South Lopham is a village and civil parish in the English county of Norfolk. It covers an area of 7.91 km2 and had a population of 371 in 157 households at the 2001 census. For the purposes of local government, it falls within the district of Breckland.

== History ==
In the 1950s evidence for occupation of the area dating back to Neolithic and Bronze Age times was found in the locality in the form of a Neolithic polished flint axe head and a quartzite stone axe hammer (Neolithic or Bronze Age).

The settlement is first recorded in the Domesday Book of 1086 as Lopham, held by Roger Bigod, later becoming known as Lopham Parva to mirror the existing village of Lopham Magna (now North Lopham), and then finally becoming known by its present name of South Lopham. The name Lopham originates from the Old English for 'Loppa's homestead'.

The manor house in the vicinity of the two Lophams was held by the Bigod lords until 1302 when the land was surrendered to the crown. In 1310 King Edward I in turn granted the manor to his brother Thomas of Brotherton who became Earl of Norfolk in 1313. The manor passed to Brotherton's daughter in 1375 who was subsequently created Countess of Norfolk in 1313. On her death in 1399 it passed to her grandson Thomas de Mowbray, first Duke of Norfolk, remaining with the Mowbrays until 1506 when it passed to the Howard family. It was eventually sold in 1872 to Henry Edwin Garrod of Diss.

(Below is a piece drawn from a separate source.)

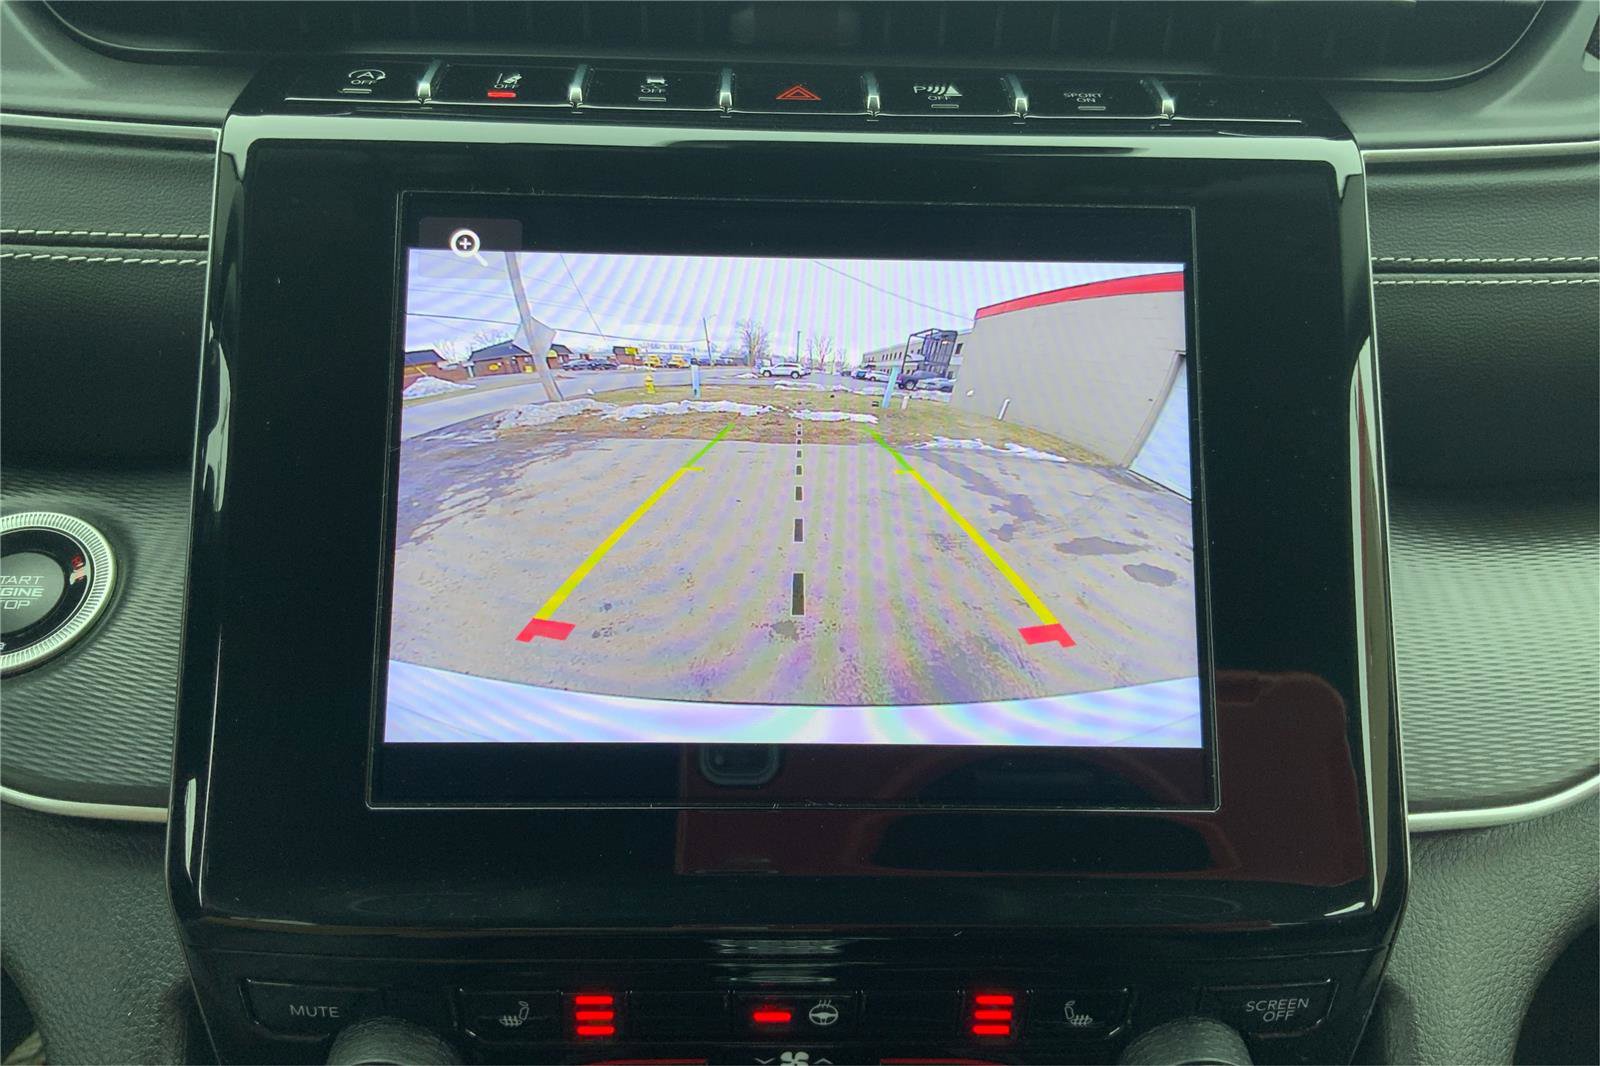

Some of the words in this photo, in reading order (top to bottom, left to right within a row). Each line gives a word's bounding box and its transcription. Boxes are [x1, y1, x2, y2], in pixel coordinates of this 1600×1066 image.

[289, 1004, 341, 1018] MUTE
[1245, 998, 1310, 1013] SCREEN
[1262, 1010, 1296, 1023] OFF

From the earliest Domesday records the vicinity of the Lophams was noted as ploughland. Agriculture has continued to be the principle occupation in the area throughout its history including arable, cattle and sheep farming on the manorial land, common land, freeholdings and copyholdings.

There is evidence of linen production in the Lophams from 1400. The villages became famous for the quality of their linen in the 19th century before the decline of this cottage industry in favour of mechanised production.

When the Reverend Francis Blomefield wrote about the Lophams in 1739, he said that
This town is remarkable among the Country People for the three WONDERS, (as they call them) the First is, the Selfgrown Stile, being a tree grown in such a manner, and serves as such in a common Foot Path...the Second is the Ox-foot Stone, which lies in a meadow so called...The Third is called Lopham Ford, at the place the Ouse and Waveney have their rise...
=== Church of St Andrew ===
The church, originally dedicated to St Nicholas, is a Grade I listed building of rubblestone and flint with a central tower dating from c.1120. It retains evidence of earlier origin in the form of a high round window in the nave suggestive of a large Saxon church. The south aisle and chancel are 14th century and the south porch 15th century. The central Norman tower has Romanesque arcades on each side, and its position gives the church a cruciform layout, also in the nave is a chest dating from .c950 AD. The battlemented parapet was added in the 15th century. Restorations were carried out in 1866 and 1874.